Please join us in the Fourth Floor Conference Center of the UWM Golda Meir Library (located at 2311 E. Hartford Avenue in Milwaukee) for a fascinating event with the “chronicler extraordinaire of American conservatism” (Politico), Milwaukeean Rick Perlstein, author of Nixonland and Before the Storm, as he discusses and signs copies of the third volume of his acclaimed political history of conservatism in America, The Invisible Bridge: The Fall of Nixon and the Rise of Reagan. This event is co-sponsored… Show more by the Friends of the Golda Meir Library and The UWM Libraries.
In The Invisible Bridge: The Fall of Nixon and the Rise of Reagan, Rick Perlstein not only brings to panoramic life one of the most tumultuous eras in the nation’s history, but reveals how the transition from Nixon to Reagan marked the end of a fraught period of national soul-searching and resurrected what he calls America’s “cult of official optimism,” which persists to the present day and across the political spectrum. He writes: “This is a book about how Ronald Reagan came within a hair’s breadth of becoming the 1976 Republican nominee for president…But it is also about much more. In the years between 1973 and 1976, America suffered more wounds to its ideal of itself than at just about any other time in its history.” With The Invisible Bridge, Rick Perlstein—one of the most exciting and original voices in narrative history at work today—has written a foundational work for readers who want to grasp what America was really going through in the critical decade of the 1970s, as well as how the current political and cultural landscape came to be.

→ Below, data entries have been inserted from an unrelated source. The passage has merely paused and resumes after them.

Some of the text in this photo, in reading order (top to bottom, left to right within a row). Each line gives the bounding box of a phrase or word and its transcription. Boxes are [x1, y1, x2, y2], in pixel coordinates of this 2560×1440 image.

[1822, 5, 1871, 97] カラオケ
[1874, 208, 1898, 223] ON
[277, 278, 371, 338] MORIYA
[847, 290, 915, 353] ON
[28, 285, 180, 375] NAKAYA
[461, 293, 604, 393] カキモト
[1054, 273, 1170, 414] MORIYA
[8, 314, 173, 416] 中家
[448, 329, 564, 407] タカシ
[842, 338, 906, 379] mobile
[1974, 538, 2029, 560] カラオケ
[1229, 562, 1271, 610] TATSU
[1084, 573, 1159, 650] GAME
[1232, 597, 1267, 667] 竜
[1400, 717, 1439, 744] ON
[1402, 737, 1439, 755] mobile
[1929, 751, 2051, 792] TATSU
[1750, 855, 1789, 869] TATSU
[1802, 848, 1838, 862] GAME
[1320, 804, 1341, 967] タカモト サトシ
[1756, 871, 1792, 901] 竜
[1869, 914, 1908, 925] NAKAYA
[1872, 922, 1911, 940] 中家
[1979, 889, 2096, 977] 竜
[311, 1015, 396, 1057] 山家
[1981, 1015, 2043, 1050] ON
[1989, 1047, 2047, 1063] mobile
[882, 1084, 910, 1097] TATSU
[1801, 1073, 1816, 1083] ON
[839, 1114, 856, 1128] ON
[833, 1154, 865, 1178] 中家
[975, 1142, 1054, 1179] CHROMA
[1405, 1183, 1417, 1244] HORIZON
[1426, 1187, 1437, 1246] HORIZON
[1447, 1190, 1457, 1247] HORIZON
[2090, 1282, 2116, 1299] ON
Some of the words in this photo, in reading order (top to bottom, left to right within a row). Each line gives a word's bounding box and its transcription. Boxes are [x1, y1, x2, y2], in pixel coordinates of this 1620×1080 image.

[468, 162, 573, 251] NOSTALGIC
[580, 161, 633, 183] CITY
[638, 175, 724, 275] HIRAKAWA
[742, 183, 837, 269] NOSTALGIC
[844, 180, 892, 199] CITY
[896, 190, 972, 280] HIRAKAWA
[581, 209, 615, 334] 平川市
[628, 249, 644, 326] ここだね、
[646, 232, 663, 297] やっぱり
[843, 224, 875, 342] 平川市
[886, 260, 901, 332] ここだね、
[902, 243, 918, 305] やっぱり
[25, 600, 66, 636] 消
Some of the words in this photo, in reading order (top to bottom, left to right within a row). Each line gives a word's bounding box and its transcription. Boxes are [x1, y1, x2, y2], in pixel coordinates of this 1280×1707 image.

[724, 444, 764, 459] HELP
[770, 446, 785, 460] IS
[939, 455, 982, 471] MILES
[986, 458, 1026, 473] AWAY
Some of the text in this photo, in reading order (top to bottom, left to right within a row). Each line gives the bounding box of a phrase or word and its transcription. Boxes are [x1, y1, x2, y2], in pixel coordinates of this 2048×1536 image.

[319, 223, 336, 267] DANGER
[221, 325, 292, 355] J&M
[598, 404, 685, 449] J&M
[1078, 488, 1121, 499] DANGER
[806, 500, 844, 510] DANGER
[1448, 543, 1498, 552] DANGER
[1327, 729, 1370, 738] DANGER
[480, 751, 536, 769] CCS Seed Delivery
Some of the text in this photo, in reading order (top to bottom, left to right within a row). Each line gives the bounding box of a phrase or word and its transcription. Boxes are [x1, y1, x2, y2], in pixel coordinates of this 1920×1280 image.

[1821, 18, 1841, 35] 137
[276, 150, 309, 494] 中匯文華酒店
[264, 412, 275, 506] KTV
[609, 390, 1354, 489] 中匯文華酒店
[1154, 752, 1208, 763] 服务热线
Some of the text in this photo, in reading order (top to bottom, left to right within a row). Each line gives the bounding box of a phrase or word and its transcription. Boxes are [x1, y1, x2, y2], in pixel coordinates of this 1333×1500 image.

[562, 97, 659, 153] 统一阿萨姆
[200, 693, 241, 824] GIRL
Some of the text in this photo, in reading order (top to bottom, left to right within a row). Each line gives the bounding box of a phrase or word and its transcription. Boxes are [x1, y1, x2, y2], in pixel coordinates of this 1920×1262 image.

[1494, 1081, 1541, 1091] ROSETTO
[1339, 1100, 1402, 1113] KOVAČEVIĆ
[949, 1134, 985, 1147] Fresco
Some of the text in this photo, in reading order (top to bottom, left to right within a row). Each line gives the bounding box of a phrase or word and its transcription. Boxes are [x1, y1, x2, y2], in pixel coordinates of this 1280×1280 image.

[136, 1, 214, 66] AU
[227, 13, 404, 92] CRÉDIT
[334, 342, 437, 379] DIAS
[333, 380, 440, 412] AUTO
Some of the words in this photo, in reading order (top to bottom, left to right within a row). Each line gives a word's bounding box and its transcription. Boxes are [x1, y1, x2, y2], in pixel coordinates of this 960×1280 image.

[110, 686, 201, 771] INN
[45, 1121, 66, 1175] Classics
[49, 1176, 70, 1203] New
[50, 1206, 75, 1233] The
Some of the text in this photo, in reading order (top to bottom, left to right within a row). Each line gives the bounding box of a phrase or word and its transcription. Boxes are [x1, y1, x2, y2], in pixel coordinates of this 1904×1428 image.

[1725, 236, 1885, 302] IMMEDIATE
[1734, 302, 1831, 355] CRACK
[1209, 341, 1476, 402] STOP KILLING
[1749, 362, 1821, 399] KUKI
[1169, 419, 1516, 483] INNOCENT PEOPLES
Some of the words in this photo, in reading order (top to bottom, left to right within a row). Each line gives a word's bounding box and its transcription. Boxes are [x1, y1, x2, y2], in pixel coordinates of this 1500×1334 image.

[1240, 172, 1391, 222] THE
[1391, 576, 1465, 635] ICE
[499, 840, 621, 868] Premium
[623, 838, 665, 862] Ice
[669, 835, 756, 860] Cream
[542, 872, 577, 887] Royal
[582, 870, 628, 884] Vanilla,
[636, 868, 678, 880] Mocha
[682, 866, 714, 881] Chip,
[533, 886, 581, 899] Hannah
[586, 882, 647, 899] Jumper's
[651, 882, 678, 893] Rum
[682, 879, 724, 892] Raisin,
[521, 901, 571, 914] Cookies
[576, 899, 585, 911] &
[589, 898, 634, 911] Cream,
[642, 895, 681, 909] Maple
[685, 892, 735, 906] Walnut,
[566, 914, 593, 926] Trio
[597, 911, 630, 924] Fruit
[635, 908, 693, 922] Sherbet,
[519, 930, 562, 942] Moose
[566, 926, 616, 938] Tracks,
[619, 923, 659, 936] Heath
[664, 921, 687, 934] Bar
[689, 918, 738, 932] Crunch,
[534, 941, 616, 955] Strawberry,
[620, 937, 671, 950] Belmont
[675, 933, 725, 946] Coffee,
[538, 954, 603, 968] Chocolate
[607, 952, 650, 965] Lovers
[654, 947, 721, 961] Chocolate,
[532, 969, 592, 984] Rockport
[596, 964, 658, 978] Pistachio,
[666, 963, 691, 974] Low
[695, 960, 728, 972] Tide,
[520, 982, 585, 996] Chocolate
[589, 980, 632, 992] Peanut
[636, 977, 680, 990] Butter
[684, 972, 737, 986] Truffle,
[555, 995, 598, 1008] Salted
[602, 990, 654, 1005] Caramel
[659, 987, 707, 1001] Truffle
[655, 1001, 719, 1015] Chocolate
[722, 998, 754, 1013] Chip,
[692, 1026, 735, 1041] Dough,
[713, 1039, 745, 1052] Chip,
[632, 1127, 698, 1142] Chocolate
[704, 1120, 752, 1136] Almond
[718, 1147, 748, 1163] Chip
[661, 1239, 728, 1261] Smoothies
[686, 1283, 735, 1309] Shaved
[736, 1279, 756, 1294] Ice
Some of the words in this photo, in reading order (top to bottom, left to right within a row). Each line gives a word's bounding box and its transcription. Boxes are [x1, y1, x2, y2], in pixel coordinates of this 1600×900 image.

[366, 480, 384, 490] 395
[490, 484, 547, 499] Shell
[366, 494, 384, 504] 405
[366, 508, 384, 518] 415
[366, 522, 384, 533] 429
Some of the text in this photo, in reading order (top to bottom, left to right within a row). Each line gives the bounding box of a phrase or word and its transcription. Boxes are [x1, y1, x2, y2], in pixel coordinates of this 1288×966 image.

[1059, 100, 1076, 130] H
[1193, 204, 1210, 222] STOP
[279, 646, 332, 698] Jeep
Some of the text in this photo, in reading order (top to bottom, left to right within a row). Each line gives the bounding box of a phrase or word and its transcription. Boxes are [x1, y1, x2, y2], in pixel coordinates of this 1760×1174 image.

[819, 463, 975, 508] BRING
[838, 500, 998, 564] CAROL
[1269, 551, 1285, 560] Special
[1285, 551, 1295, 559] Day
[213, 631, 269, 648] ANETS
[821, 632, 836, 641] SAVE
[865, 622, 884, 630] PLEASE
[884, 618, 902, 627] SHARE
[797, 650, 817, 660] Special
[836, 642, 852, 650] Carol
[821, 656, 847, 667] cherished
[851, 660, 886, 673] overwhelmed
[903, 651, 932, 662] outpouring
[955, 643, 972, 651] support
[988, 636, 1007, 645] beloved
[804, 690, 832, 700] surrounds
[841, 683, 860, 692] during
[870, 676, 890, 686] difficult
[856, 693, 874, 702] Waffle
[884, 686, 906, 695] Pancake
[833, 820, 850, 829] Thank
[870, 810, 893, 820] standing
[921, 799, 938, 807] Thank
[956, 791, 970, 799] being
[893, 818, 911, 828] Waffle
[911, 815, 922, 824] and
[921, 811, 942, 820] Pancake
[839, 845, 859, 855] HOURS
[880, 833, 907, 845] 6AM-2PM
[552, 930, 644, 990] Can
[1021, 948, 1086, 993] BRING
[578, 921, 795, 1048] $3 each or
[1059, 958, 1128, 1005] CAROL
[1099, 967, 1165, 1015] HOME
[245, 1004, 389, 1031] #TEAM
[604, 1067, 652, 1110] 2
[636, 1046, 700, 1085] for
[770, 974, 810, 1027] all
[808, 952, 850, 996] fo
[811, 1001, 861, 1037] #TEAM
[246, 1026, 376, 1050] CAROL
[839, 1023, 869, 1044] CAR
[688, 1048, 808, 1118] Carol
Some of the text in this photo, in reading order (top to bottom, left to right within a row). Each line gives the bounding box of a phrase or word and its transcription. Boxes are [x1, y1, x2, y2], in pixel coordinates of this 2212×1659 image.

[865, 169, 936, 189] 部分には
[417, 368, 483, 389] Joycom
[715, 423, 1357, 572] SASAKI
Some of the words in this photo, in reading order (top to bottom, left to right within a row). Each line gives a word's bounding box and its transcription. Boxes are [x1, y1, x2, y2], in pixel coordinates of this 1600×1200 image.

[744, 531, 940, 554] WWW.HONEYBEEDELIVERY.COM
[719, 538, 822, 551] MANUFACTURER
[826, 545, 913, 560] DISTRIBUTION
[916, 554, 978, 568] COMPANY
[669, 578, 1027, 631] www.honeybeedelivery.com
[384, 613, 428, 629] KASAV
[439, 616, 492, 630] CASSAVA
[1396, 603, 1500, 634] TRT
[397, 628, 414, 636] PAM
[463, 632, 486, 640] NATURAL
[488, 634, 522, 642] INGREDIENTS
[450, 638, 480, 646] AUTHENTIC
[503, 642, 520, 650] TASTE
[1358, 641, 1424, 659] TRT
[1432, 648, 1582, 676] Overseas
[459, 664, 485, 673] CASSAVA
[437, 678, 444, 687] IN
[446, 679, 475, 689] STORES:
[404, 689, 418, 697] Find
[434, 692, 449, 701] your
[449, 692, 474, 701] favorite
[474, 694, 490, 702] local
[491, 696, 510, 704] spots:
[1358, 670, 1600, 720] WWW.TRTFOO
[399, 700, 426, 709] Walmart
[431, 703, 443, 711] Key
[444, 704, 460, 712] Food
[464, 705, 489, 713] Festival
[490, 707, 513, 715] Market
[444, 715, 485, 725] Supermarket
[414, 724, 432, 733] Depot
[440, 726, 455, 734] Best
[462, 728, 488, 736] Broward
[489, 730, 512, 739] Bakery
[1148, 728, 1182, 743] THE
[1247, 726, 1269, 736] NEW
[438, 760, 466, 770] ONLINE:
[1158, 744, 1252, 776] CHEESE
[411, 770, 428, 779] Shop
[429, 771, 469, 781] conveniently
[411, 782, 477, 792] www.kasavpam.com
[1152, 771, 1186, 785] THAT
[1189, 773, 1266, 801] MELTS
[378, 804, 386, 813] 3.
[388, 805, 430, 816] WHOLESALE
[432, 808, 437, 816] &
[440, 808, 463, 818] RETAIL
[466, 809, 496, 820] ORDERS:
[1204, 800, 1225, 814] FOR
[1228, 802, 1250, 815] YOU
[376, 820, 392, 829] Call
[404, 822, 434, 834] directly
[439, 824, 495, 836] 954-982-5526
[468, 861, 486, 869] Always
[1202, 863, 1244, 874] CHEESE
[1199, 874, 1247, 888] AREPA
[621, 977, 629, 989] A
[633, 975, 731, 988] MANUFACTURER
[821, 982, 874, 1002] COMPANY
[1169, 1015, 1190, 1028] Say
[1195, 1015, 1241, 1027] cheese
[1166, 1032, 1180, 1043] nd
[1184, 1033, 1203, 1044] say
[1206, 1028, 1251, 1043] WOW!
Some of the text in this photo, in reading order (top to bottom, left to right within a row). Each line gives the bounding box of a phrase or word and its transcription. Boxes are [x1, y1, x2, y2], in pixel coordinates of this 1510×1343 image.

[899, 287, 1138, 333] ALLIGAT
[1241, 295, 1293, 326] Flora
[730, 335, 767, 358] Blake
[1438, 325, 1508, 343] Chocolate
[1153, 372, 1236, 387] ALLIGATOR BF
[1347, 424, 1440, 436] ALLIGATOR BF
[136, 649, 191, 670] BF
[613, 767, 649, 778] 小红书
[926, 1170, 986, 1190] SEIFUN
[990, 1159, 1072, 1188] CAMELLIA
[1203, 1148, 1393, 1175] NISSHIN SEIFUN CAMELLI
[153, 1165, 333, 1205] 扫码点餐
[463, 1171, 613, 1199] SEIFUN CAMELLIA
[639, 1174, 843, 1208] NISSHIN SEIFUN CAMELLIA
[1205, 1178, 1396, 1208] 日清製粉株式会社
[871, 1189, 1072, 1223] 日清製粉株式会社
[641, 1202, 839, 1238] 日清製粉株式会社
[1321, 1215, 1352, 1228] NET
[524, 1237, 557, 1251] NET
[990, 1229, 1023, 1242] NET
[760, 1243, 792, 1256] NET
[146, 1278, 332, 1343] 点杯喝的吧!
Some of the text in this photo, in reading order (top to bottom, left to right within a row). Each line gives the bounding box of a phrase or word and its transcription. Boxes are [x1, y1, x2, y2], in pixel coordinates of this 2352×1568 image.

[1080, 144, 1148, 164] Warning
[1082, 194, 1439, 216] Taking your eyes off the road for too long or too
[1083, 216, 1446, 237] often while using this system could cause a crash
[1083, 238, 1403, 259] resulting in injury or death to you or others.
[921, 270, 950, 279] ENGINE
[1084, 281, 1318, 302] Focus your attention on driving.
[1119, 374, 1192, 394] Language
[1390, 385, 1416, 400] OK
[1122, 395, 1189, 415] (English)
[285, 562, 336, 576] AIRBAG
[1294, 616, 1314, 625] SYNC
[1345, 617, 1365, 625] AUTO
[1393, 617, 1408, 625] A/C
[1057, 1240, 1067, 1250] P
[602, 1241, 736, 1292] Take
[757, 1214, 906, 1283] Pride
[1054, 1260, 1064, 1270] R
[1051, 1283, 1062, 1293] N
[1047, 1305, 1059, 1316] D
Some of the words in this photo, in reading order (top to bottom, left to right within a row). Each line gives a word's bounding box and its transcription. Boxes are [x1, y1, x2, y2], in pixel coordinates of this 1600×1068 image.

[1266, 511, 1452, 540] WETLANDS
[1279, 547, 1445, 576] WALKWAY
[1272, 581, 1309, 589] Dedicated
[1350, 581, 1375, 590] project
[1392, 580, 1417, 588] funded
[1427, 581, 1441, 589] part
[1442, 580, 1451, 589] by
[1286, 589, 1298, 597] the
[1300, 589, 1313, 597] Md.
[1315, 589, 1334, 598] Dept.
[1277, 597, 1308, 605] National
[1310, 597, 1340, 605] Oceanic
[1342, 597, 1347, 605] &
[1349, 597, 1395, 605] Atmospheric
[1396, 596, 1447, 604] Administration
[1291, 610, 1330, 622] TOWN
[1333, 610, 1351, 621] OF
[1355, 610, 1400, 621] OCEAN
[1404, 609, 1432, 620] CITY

“Outstanding…Full of the tragic, the infuriating, and the darkly funny, Perlstein captures the frantic nature of the period…in this massive and wide-ranging portrait.” —Publishers Weekly
About the Author: Rick Perlstein is the author of Nixonland: The Rise of a President and the Fracturing of America, The New York Times bestseller picked as one of the best nonfiction books of the year by over a dozen publications, and Before the Storm: Barry Goldwater and the Unmaking of the American Consensus, which won the 2001 Los Angeles Times Book Award for history. His essays and book reviews have been published in The New Yorker, The New York Times, The Washington Post, The Nation, The Village Voice, and Slate, among other publications. He has received a National Endowment for the Humanities grant for independent scholars. Originally from Milwaukee, he currently lives in Chicago.